Description of the task: Scan the entries for "CHUYÊN". Every line that holds it is to be copied.

Data for processing:
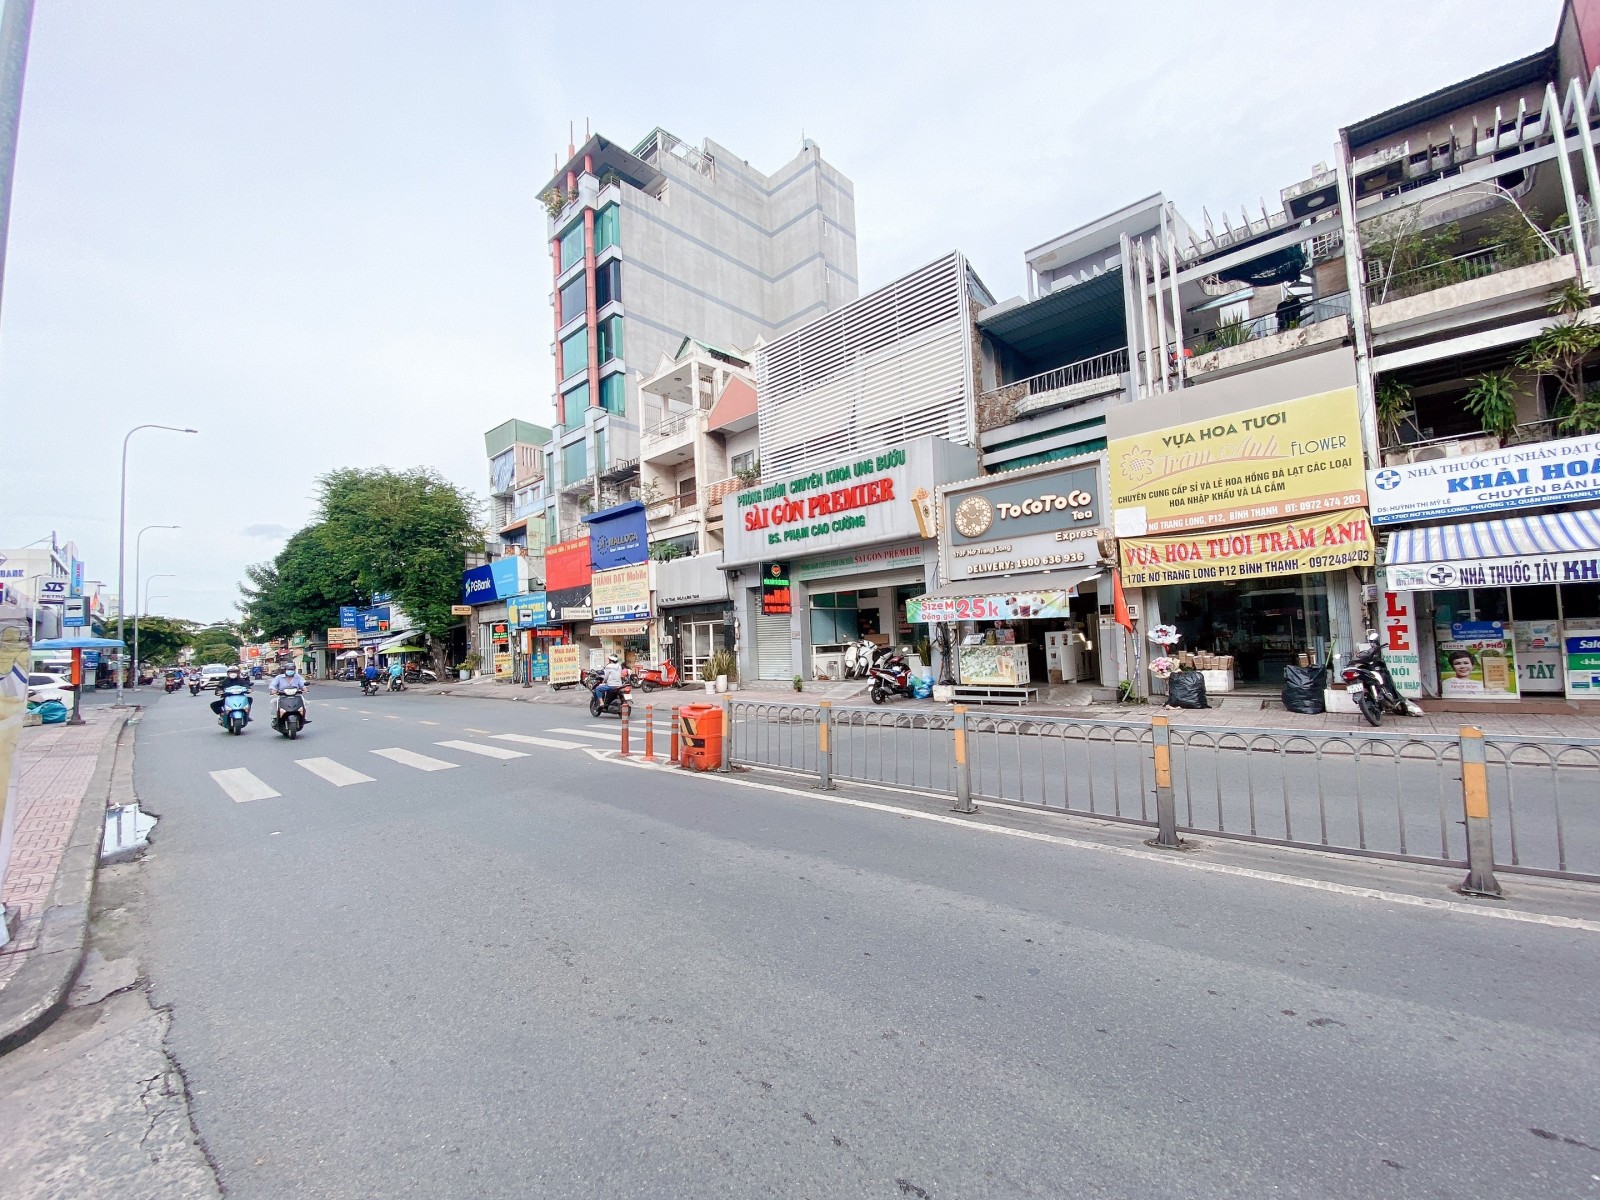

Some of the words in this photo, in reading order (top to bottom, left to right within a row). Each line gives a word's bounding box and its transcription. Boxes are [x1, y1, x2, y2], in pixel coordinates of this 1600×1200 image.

[1162, 432, 1196, 448] VỰA
[1199, 424, 1238, 440] HOA
[1242, 411, 1287, 431] TƯƠI
[1291, 435, 1347, 456] FLOWER
[1407, 465, 1438, 478] NHÀ
[1439, 457, 1489, 474] THUỐC
[1491, 453, 1512, 466] TƯ
[1514, 447, 1557, 463] NHÂN
[1561, 443, 1591, 456] ĐẠT
[737, 490, 761, 507] PHÒNG
[763, 483, 786, 501] KHÁM
[789, 472, 823, 494] CHUYÊN
[826, 465, 851, 485] KHOA
[853, 459, 874, 477] UNG
[876, 449, 906, 471] BƯỚU
[1118, 491, 1146, 504] CHUYÊN
[1148, 488, 1170, 499] CUNG
[1200, 479, 1211, 490] VÀ
[1225, 475, 1242, 487] HOA
[1272, 468, 1285, 479] ĐÀ
[1287, 465, 1304, 477] LẠT
[1307, 461, 1327, 473] CÁC
[1329, 457, 1352, 469] LOẠI
[1478, 485, 1546, 500] CHUYÊN
[1551, 478, 1587, 492] BÁN
[745, 505, 769, 531] SÀI
[771, 497, 805, 525] GÒN
[807, 477, 895, 518] PREMIER
[996, 489, 1092, 520] ToCoToCo
[1169, 499, 1186, 508] HOA
[1187, 493, 1210, 505] NHẬP
[1237, 486, 1249, 497] VÀ
[1071, 509, 1093, 521] Tea
[1160, 520, 1184, 530] TRANG
[1229, 510, 1249, 520] BÌNH
[1251, 506, 1278, 518] THẠNH
[1300, 499, 1321, 511] 0972
[1323, 497, 1341, 508] 474
[1343, 494, 1361, 506] 203
[768, 532, 781, 545] BS.
[784, 527, 809, 542] PHẠM
[811, 523, 830, 537] CAO
[832, 514, 866, 532] CƯỜNG
[1055, 528, 1098, 542] Express
[884, 546, 920, 559] PREMIER
[995, 545, 1012, 554] Long
[1125, 544, 1161, 570] VỰA
[1164, 541, 1203, 562] HOA
[1206, 532, 1253, 559] TƯƠI
[1257, 524, 1316, 553] TRÂM
[1322, 519, 1367, 546] ANH
[967, 561, 1014, 574] DELIVERY:
[1016, 557, 1040, 568] 1900
[1042, 554, 1062, 565] 636
[1064, 552, 1085, 562] 936
[1163, 569, 1190, 580] TRANG
[1193, 567, 1216, 579] LONG
[1219, 566, 1237, 576] P12
[1239, 561, 1262, 575] BÌNH
[1265, 559, 1299, 573] THẠNH
[1459, 560, 1486, 585] NHÀ
[1489, 559, 1531, 584] THUỐC
[1534, 558, 1558, 581] TÂY
[41, 582, 68, 592] STS
[470, 578, 491, 592] PGBank
[921, 601, 944, 612] Size
[944, 599, 955, 611] M
[1526, 660, 1556, 679] TÂY

Reply:
[789, 472, 823, 494] CHUYÊN
[1118, 491, 1146, 504] CHUYÊN
[1478, 485, 1546, 500] CHUYÊN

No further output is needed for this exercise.